## ASSIGNMENT
In duplicating the lines below, keep every word unchanged and drop the pictures.

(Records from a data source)
◆ ◆ ◆ ◆ ◆ ◆ ◆

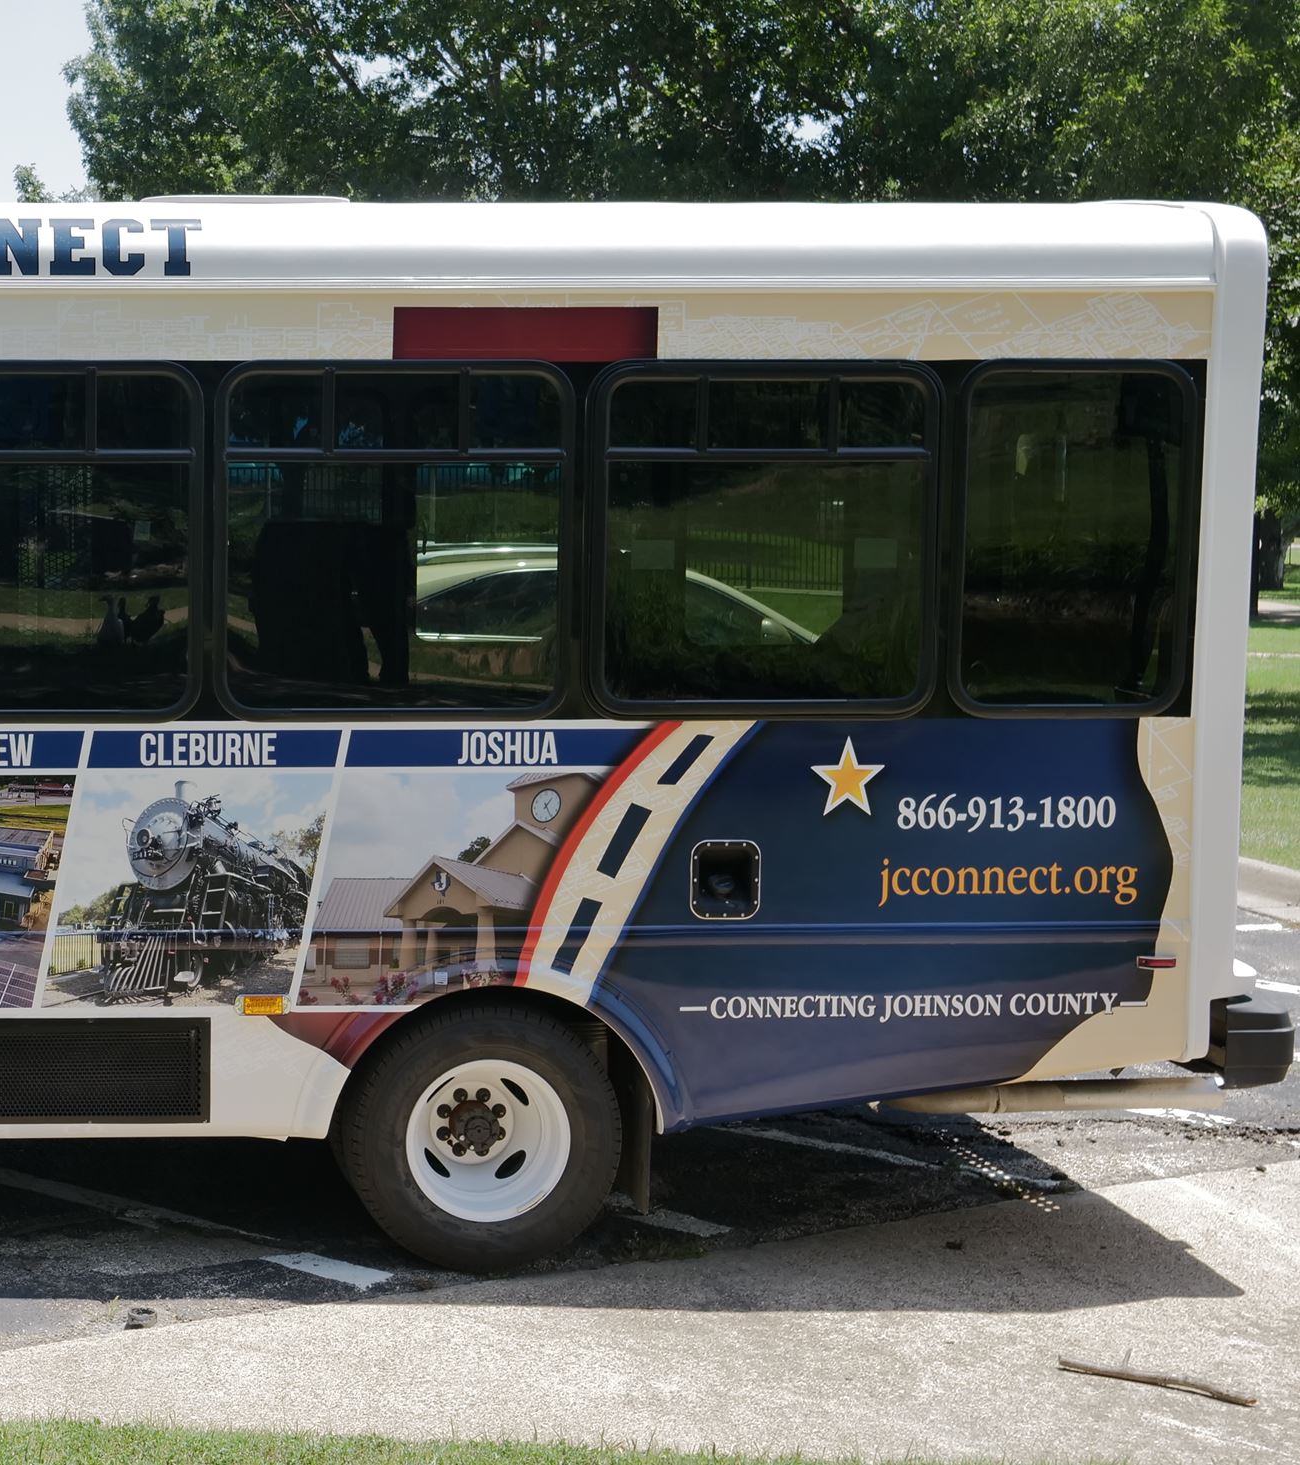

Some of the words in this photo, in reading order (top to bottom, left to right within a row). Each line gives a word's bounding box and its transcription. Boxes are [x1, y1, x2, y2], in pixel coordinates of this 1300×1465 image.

[139, 732, 277, 767] CLEBURNE
[457, 730, 558, 766] JOSHUA
[897, 793, 1117, 832] 866-913-1800
[878, 858, 1138, 907] jcconnect.org
[710, 994, 877, 1020] CONNECTING
[879, 993, 1002, 1023] JOHNSON
[1009, 991, 1118, 1018] COUNTY
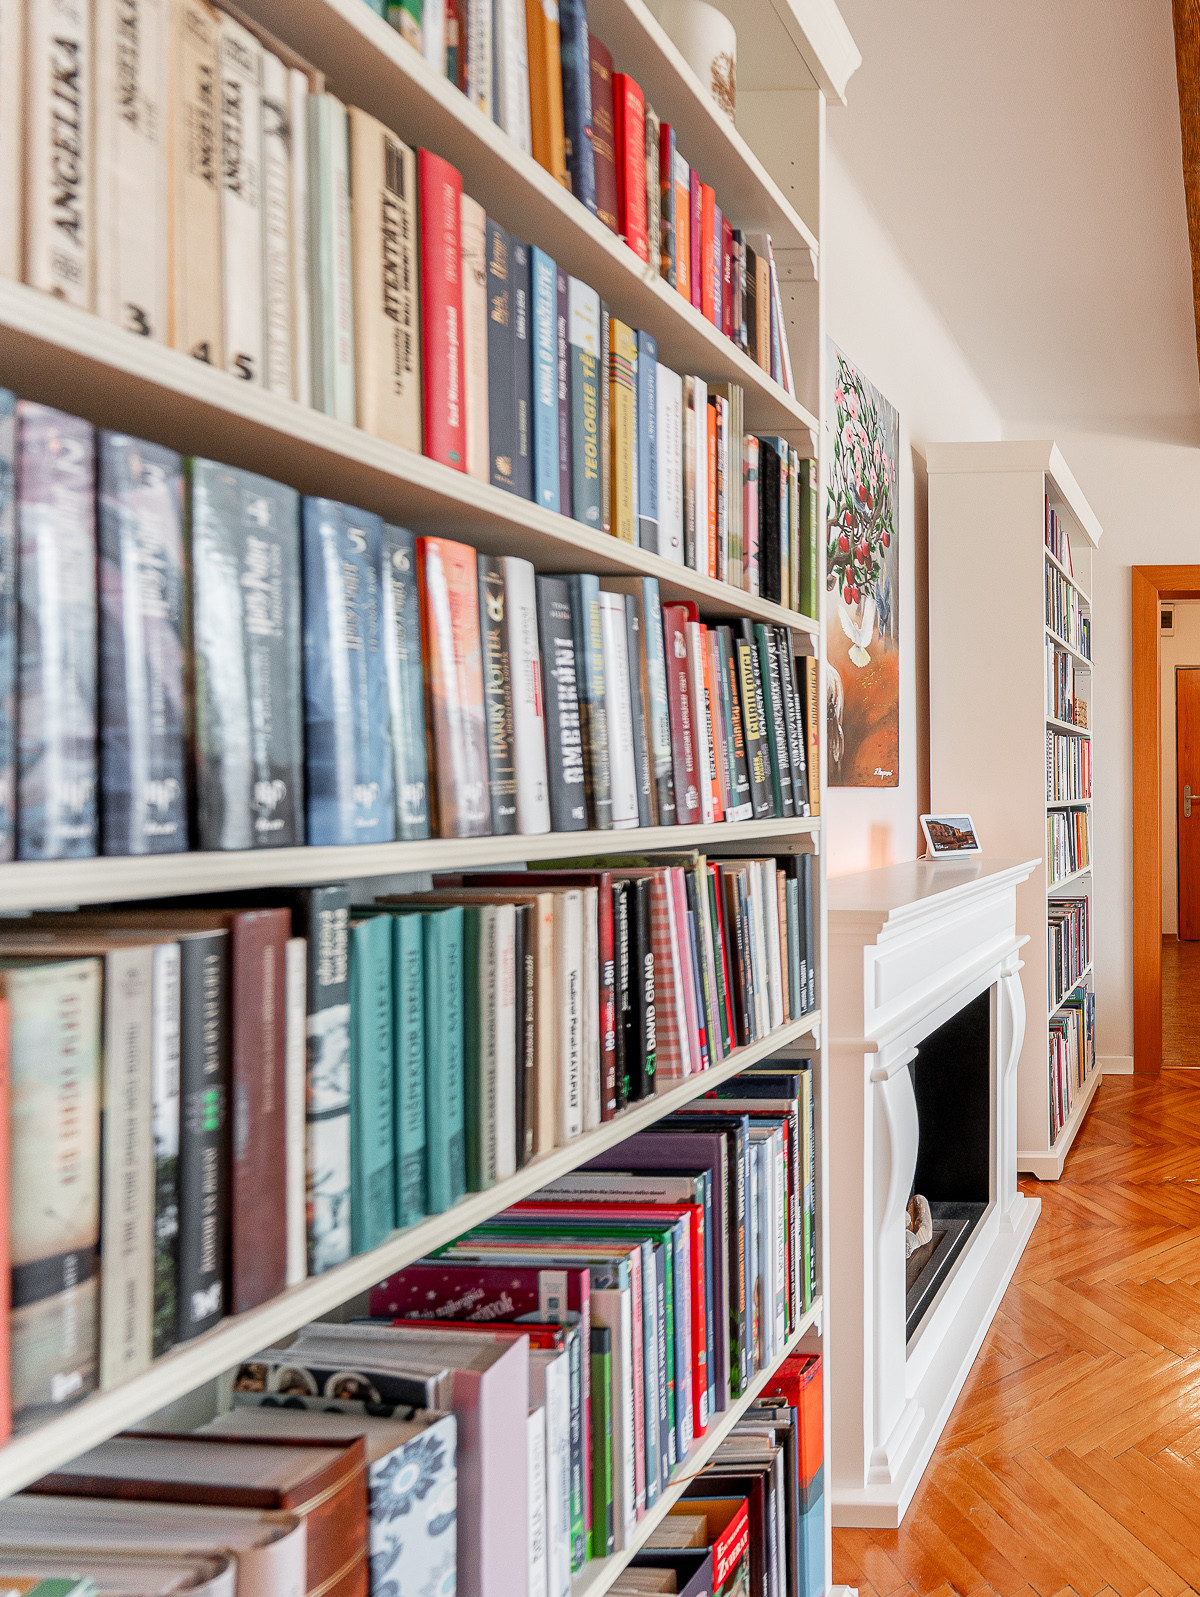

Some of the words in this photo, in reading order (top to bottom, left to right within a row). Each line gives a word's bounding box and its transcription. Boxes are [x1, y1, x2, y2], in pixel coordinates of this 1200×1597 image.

[50, 35, 83, 246] ANGELIKA
[124, 302, 152, 337] 3
[232, 352, 255, 382] 5
[540, 363, 554, 407] KNIHA
[583, 383, 598, 480] TEOLOGIE
[345, 527, 368, 555] 5
[393, 546, 411, 570] 6
[485, 628, 505, 696] POTTER
[488, 698, 508, 759] HARRY
[550, 636, 585, 785] AMERIKÁNI
[731, 705, 744, 749] minúty
[405, 948, 421, 1024] FRENCH
[446, 941, 459, 1032] MASON
[603, 959, 616, 987] 2011
[643, 952, 656, 1003] CRAIG
[376, 957, 390, 1053] QUEEN
[645, 1004, 657, 1052] DAVID
[603, 1030, 616, 1053] 100
[377, 1060, 391, 1149] ELLERY
[447, 1038, 460, 1117] PERRY
[716, 1529, 749, 1584] ZVIERAT
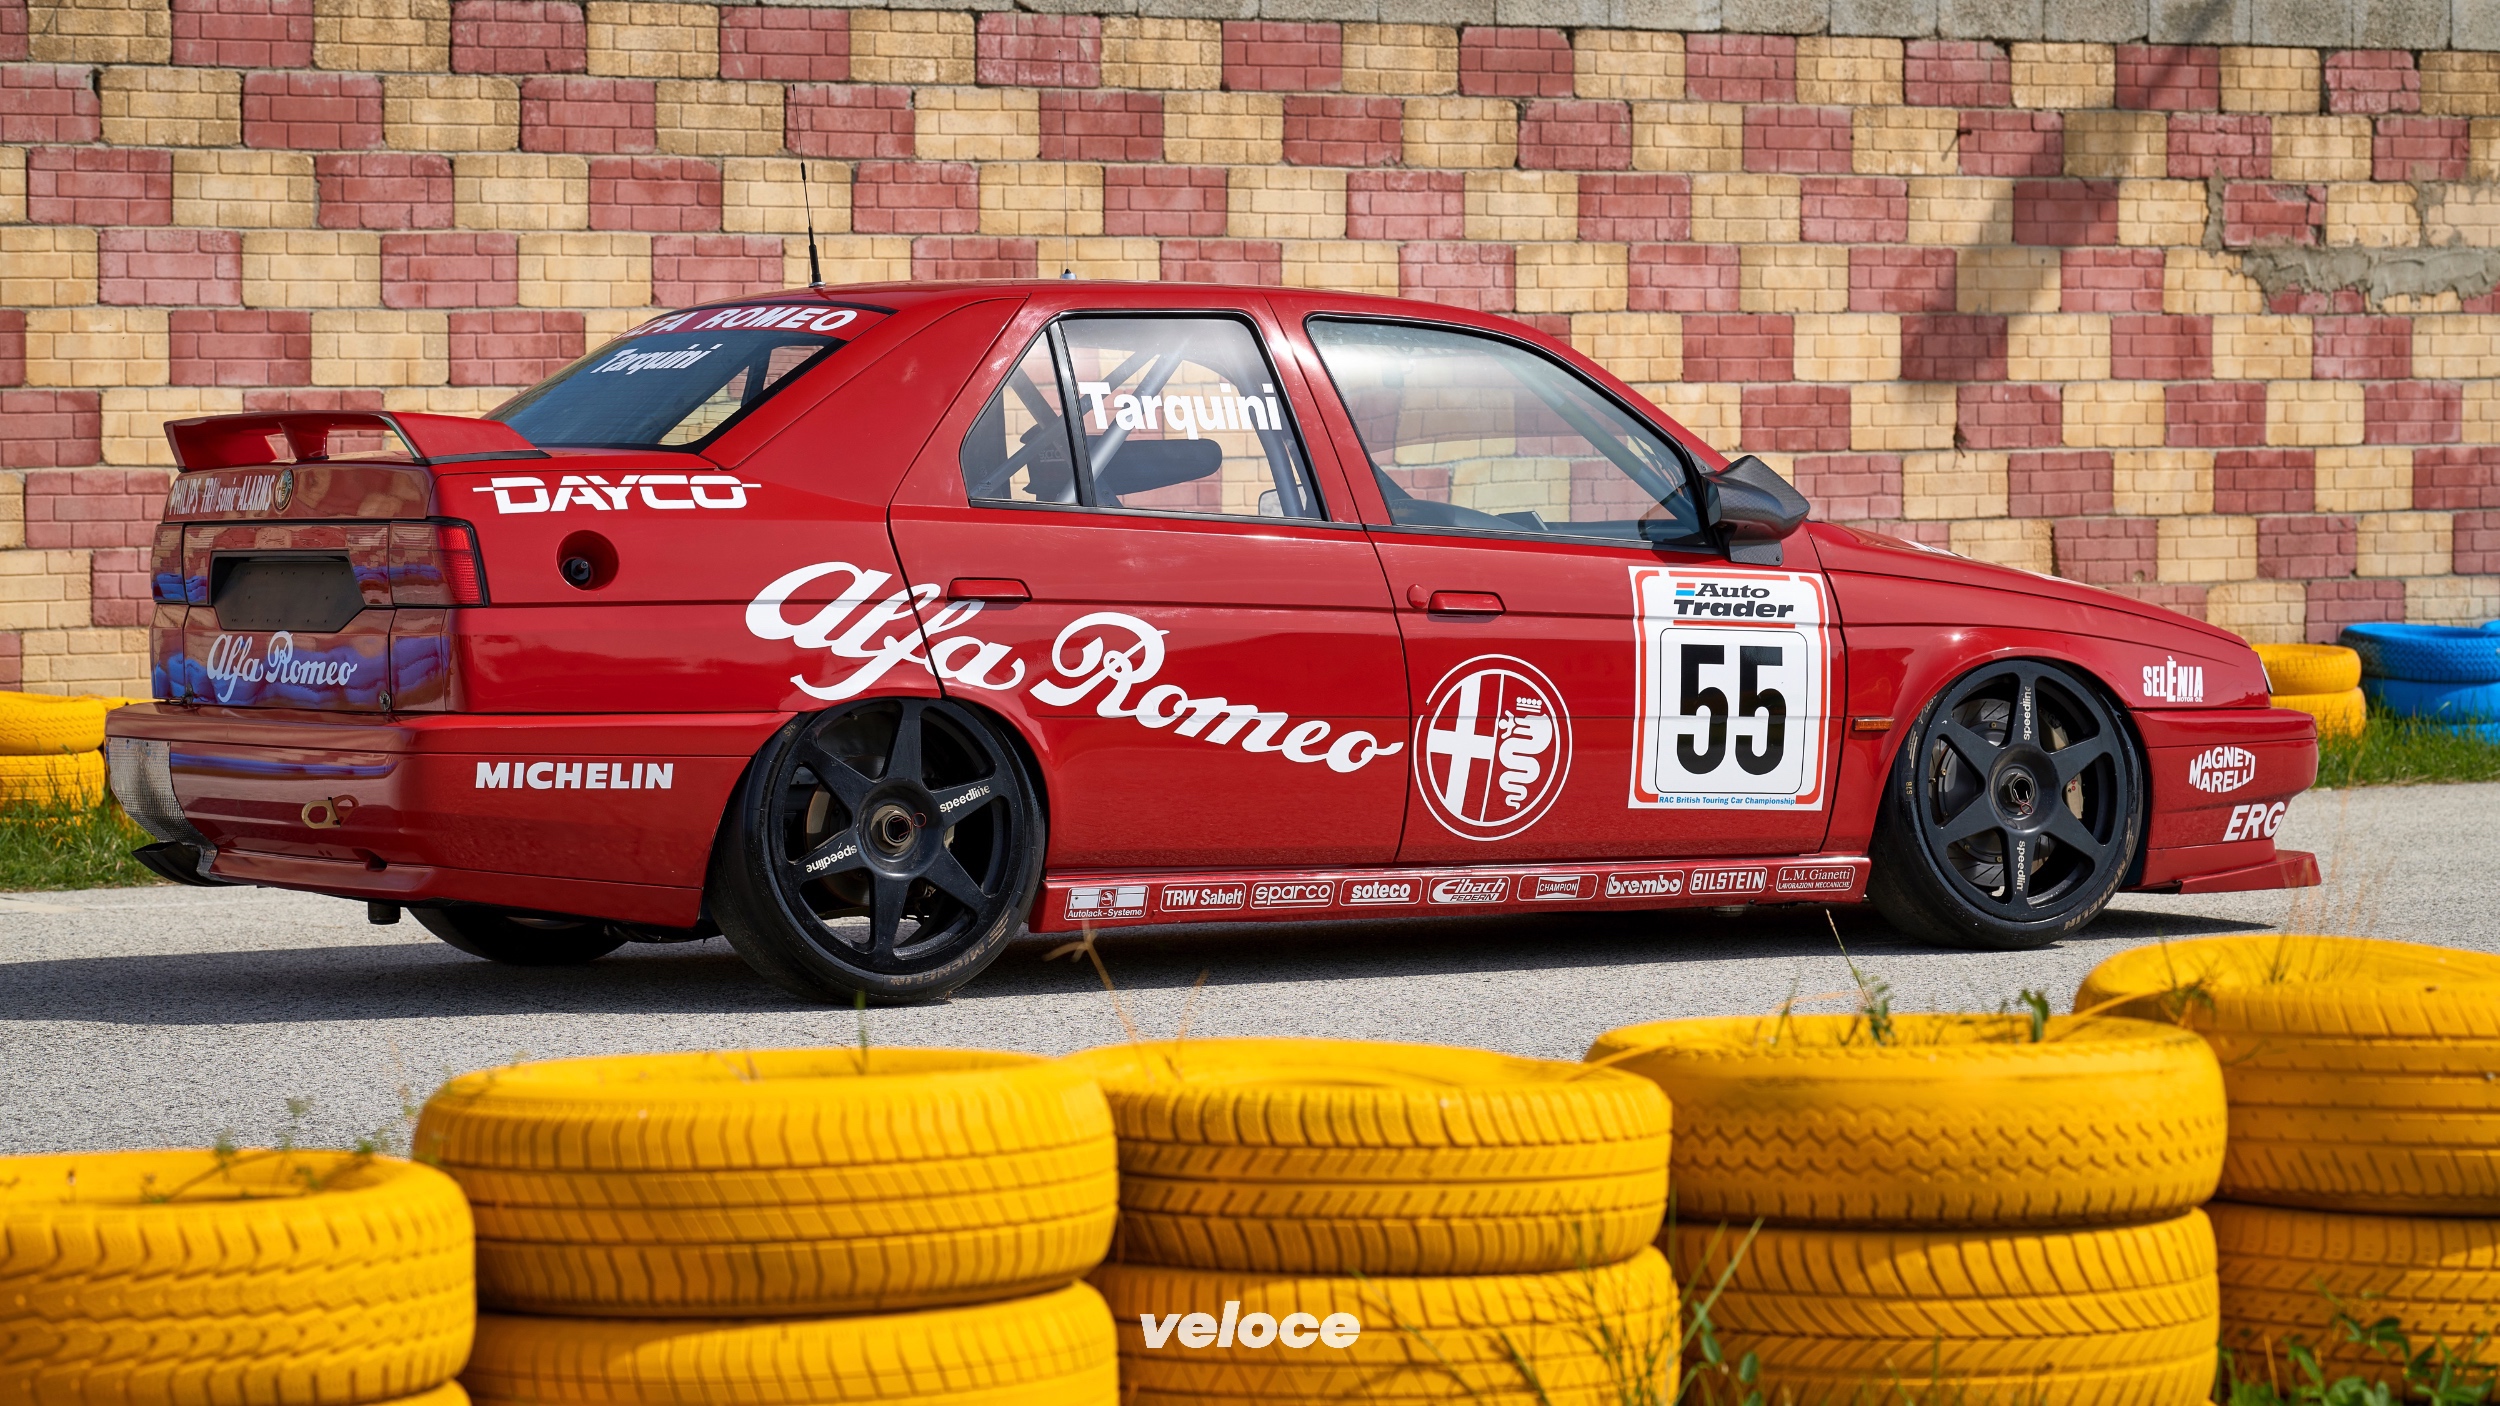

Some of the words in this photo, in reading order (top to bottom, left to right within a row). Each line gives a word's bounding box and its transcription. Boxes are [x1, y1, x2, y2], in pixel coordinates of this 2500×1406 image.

◆ ◆ ◆ ◆ ◆ ◆ ◆

## COMPLETED EXERCISE
Some of the words in this photo, in reading order (top to bottom, left to right within a row). Each line gives a word's bounding box and its transcription. Boxes are [x1, y1, x2, y2], in pixel coordinates of this 1300×1465 image.

[139, 732, 277, 767] CLEBURNE
[457, 730, 558, 766] JOSHUA
[897, 793, 1117, 832] 866-913-1800
[878, 858, 1138, 907] jcconnect.org
[710, 994, 877, 1020] CONNECTING
[879, 993, 1002, 1023] JOHNSON
[1009, 991, 1118, 1018] COUNTY

Some of the words in this photo, in reading order (top to bottom, left to right within a row). Each line gives a word's bounding box and its transcription. Boxes are [x1, y1, x2, y2], in pixel coordinates of this 1200×1597 image.

[50, 35, 83, 246] ANGELIKA
[124, 302, 152, 337] 3
[232, 352, 255, 382] 5
[540, 363, 554, 407] KNIHA
[583, 383, 598, 480] TEOLOGIE
[345, 527, 368, 555] 5
[393, 546, 411, 570] 6
[485, 628, 505, 696] POTTER
[488, 698, 508, 759] HARRY
[550, 636, 585, 785] AMERIKÁNI
[731, 705, 744, 749] minúty
[405, 948, 421, 1024] FRENCH
[446, 941, 459, 1032] MASON
[603, 959, 616, 987] 2011
[643, 952, 656, 1003] CRAIG
[376, 957, 390, 1053] QUEEN
[645, 1004, 657, 1052] DAVID
[603, 1030, 616, 1053] 100
[377, 1060, 391, 1149] ELLERY
[447, 1038, 460, 1117] PERRY
[716, 1529, 749, 1584] ZVIERAT

Some of the words in this photo, in reading order (top to bottom, left to right within a row). Each line gives a word's bounding box and its transcription. Boxes are [x1, y1, x2, y2], in pixel coordinates of this 2500×1406 image.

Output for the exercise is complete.